I really enjoyed the day in ways I didn't expect. I found several of the talks interesting, even from a theory perspective. Austin Clements, in the first and one of the best paper talks, said he had a theorem and proof (roughly if operations scale there is an implementation that scales well on multicores), though purposely left the formalization and proof out of the talk and focused on implementations. Kay Ousterhout built on some theoretical tools for job scheduling. In a talk after I left, a group from Texas takes a step towards practical proof-based verifiable computing. I never expected to be cited in a SOSP paper.

When I go to a theory conference I see so many people I know that I don't spend enough time meeting new people. At SOSP, I knew a handful of people and just had a great time talking to people I haven't met before, particularly students.

Only thirty papers get presented in single track in this conference held every two years. STOC/FOCS accepts over 300 papers in the same time period. Having an SOSP paper is a really big deal. Despite having only thirty talks and traditionally held in hard-to-reach places (this year an hour and a half drive from Pittsburgh), there were 628 attendees split 42% students, 42% non-student academics, 15% industry and one member of the press.
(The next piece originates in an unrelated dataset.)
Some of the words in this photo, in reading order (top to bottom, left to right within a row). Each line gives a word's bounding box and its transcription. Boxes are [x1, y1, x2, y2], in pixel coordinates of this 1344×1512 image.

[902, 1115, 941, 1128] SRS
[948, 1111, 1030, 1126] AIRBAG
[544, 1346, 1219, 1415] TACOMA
The 2013 SOSP is the first ACM conference will fully open proceedings and the authors retained full rights to their paper, the gold standard espoused by many in our community. It didn't come cheap, the conference put up $1100/paper to the ACM to pay for the privilege.


  1. Interesting post -- thank you. I'm sorry, but I can't resist the troll bait: what exactly is the service that ACM offered in exchange for $1100/paper? Could this service not have been offered much more cheaply by or some other competitor?

    1. there is more trust that ACM will preserve the papers in the very long run?

  2. Sigh. As someone who has gone to systems-y conferences (though I've never been to SOSP, I've been to SIGCOMM and some others) I find your enjoying yourself unsurprising. They generally have very good papers and talks. There's generally lots of good theory work at systems conferences -- though it wouldn't get the attention of most of the theory community. Their conferences get high attendance so there's plenty of people to talk to. They're also fun people.

    The "practical proof-based verifiable computing" paper you missed is excellent work by a group that's been working in parallel (and, more recently, in conjunction) with (my now-graduated student) Justin Thaler, which naturally has a lot of theory behind it, and the challenges (both theoretical and practical) are how to push the theory to a desirable system.

    I'd expect there to be more collaborations of that type between systems and theory -- and certainly there are some going on all the time -- but for the most part the two communities don't communicate and pay attention to each other. (Actually, I think the systems people are better at paying attention to us than the other way around; I think they know a good theoretical attack for a real problem will mean a good publication, while on the theory side, coming up with an algorithm for a real problem is not necessarily helpful and sometimes outright harmful to your publication chances at a theory conference.)

    Constructively, perhaps the NSF should set up a grant specifically to fund theorists going to systems conferences for the first time and systems people going to theory conferences for the first time. That seems like a possibly effective and relatively cheap way to get the communities to communicate more. (Yes, at most universities, ostensibly a theorist could walk down the hall to talk to a systems person, or vice versa, but generally that doesn't actually happen.)